Are you suggesting that this is how IIT employs the concept of information? If you are, you are utterly wrong. You insist that IIT is rubbish, and say that it is circular. Bullshit. As
@smcder asks, have you even read it? It's clear that Aaronson has a much better handle of the theory than you. Very clear. If there any type of this circular or assumed logic, we can be assured he'd point it out. He hasn't. His critique of IIT takes a different approach. I'm sorry Pharoah, but you're critique of IIT so far has been meaningless and baseless. You simply do not understand it. (Of course, none of this means it's correct.)
You're close but very far away. This account--sans the phenomenal feel--is no different than standard evolutionary theory, as
@smcder and I have pointed out to you several times. Organisms have evolved to recognize and respond to the stimuli in their environment. Both TENS and HCT provide a model (the same model) of how this happens. What neither of them does is provide a model of how this recognition and response is accompanied by phenomenal feel. Again, as Smcder and I have pointed out on many, many occasions, HCT does not account for phenomenal feel.
IIT incorporates TENS, and thus the notion that organisms have evolved to recognize and respond to their environment. What IIT does--that HCT does not, at all--is provide a hypothesis (that may be incorrect) about why this process outlined in TENS and HCT is sometimes accompanied by phenomenal feel.
What he demonstrates mathematically is that systems we wouldn't intuitively be inclined to believe have experiences, may--according to IIT--actually have experiences.
He responded to Chalmer's by giving the most absurd scenario he could conceive: that if a model predicted that a bag of chips was conscious (he is not suggesting IIT does predict this) we would be inclined to reject it.
I've already pointed out why I think this is bad logic. (1) Consciousness and a mind are not the same! For example, it may be the case that skin cells are conscious. Does that mean skin cells must have a rich, qualitatively diverse mind like a human? No. Having experience does not mean that the system has a complex mind.

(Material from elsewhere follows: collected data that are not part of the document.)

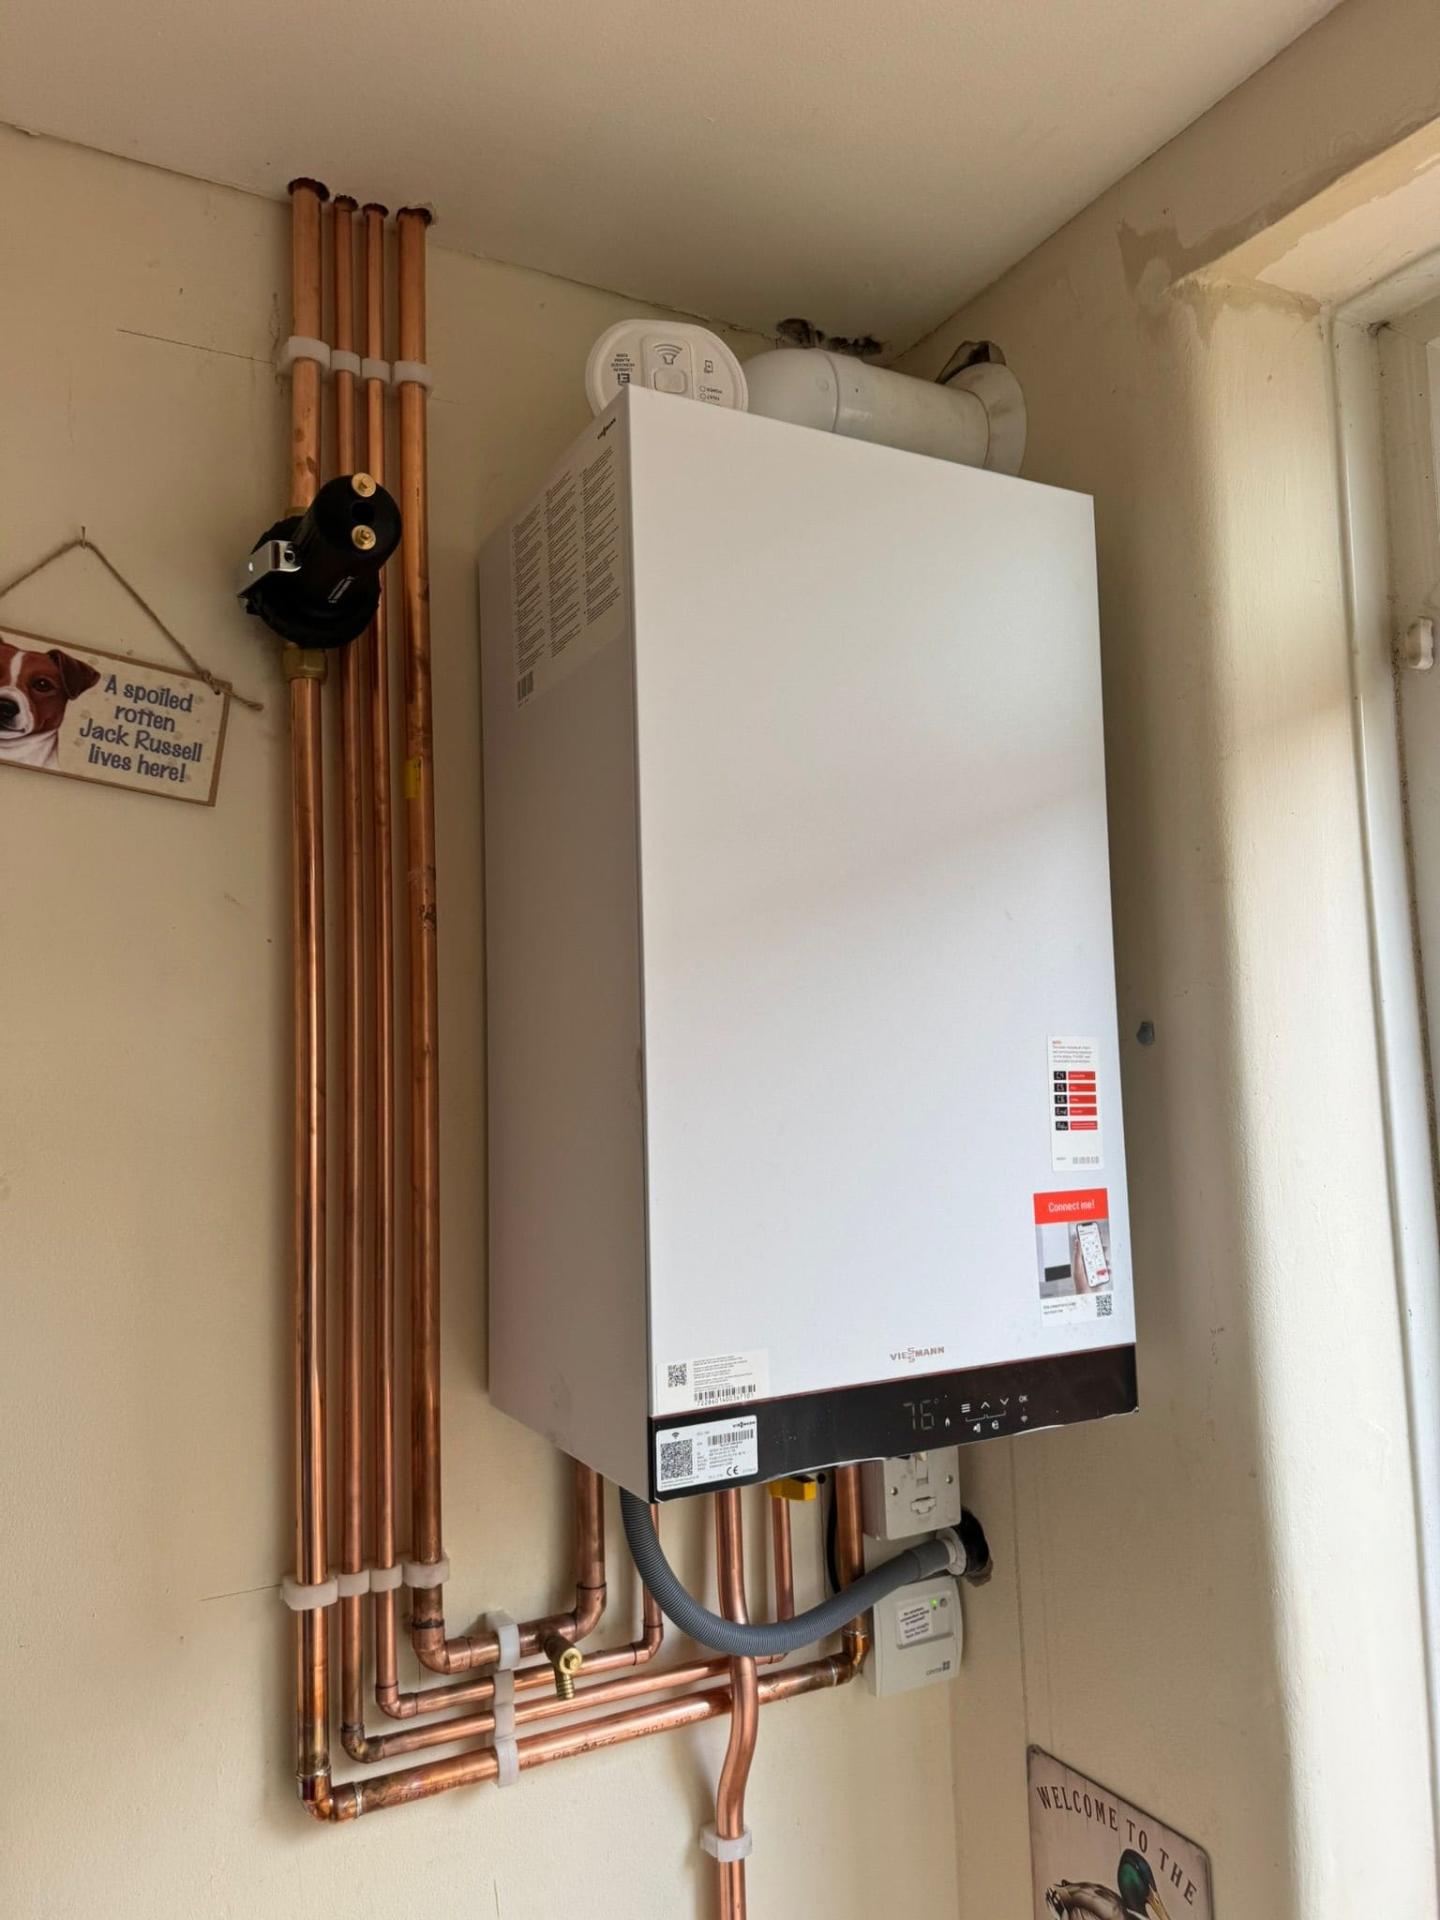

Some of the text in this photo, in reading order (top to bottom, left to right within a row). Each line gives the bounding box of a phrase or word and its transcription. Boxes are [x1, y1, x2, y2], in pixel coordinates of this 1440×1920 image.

[104, 674, 193, 713] A spoiled
[114, 705, 176, 732] rotten
[80, 719, 203, 762] Jack Russell
[88, 743, 186, 782] lives here!
[1048, 1199, 1095, 1213] Connect me!
[890, 1346, 945, 1363] VIESSMANN
[1036, 1785, 1198, 1906] WELCOME TO THE

Experience/consciousness is the property of "feeling." If it turns out that a skin cell is conscious, the quality of its mind will likely be extremely simple compared to that of a human.
(2) If experience is a property associated with certain processes (integrated, information carrying nodes), then it may indeed be more common than we currently, intuitively believe. We may intuitively reject it, that's fine. But we have to go where the evidence takes us.
Now, according to Aaronson's math, which I have no reason or ability to doubt, he says that some simple systems will experience "more" consciousness than humans. What does more mean in this instance? Is it referring to quantity or quality (variety)? I'm not sure. I don't think we even have the concepts available to understand what it might mean for one system to have a higher
quantity of consciousness than another. I think it's easy to see how one system--say a human--might have a richer quality/variety of consciousness than, say, a system such as a round worm.
But what might it mean if one system had a greater quantity? Let's say there are two systems that can only experience phenomenal green, but one system experiences phenomenal green in a greater quantity. What does this mean? What would that be like? Who knows.
Do you know,
@smcder, which Aaronson means when he says he has mathematically shown that IIT predicts some intuitively non-conscious systems may be "more" conscious than humans?